Dataset items:
-*-

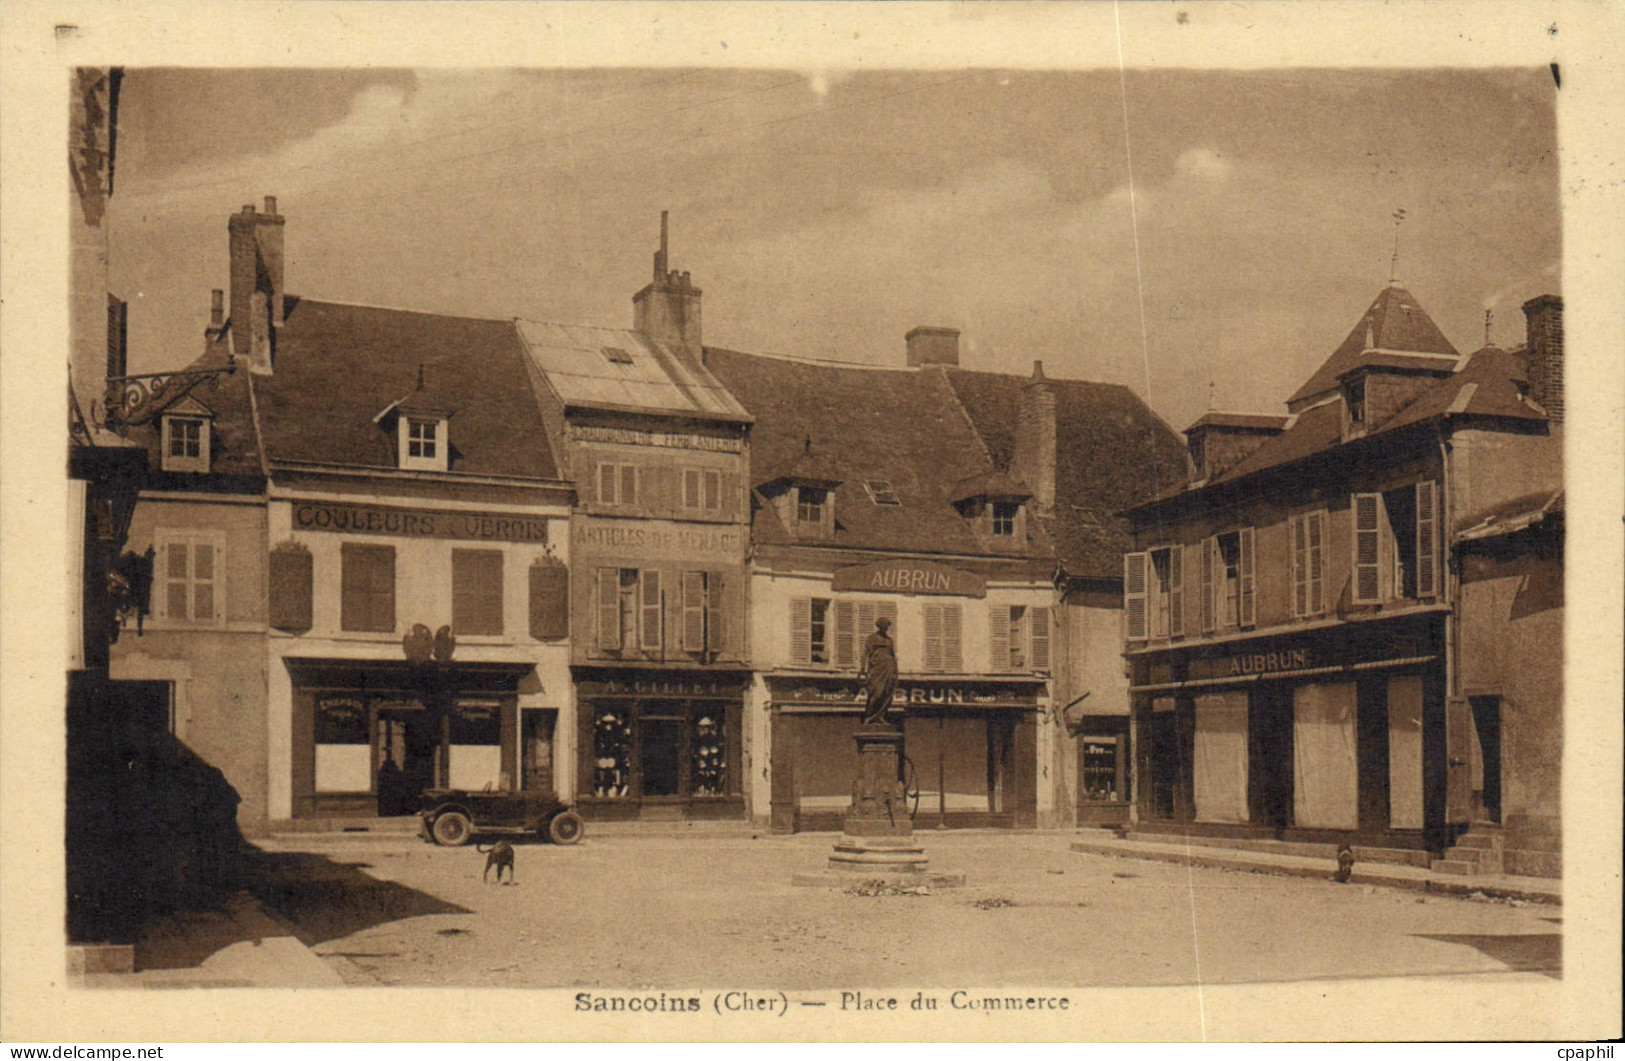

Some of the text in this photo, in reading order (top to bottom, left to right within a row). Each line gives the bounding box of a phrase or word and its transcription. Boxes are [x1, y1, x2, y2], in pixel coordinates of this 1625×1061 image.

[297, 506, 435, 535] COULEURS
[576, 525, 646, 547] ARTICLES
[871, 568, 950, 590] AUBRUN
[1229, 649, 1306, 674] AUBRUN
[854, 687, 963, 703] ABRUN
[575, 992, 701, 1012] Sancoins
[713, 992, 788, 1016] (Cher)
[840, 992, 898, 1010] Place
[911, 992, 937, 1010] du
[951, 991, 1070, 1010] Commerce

-*-

■ How to complete this task
Copy all of the data word for word, and keep the pictures out of it.

■ Exercise solution
Some of the text in this photo, in reading order (top to bottom, left to right within a row). Each line gives the bounding box of a phrase or word and its transcription. Boxes are [x1, y1, x2, y2], in pixel coordinates of this 1625×1061 image.

[297, 506, 435, 535] COULEURS
[576, 525, 646, 547] ARTICLES
[871, 568, 950, 590] AUBRUN
[1229, 649, 1306, 674] AUBRUN
[854, 687, 963, 703] ABRUN
[575, 992, 701, 1012] Sancoins
[713, 992, 788, 1016] (Cher)
[840, 992, 898, 1010] Place
[911, 992, 937, 1010] du
[951, 991, 1070, 1010] Commerce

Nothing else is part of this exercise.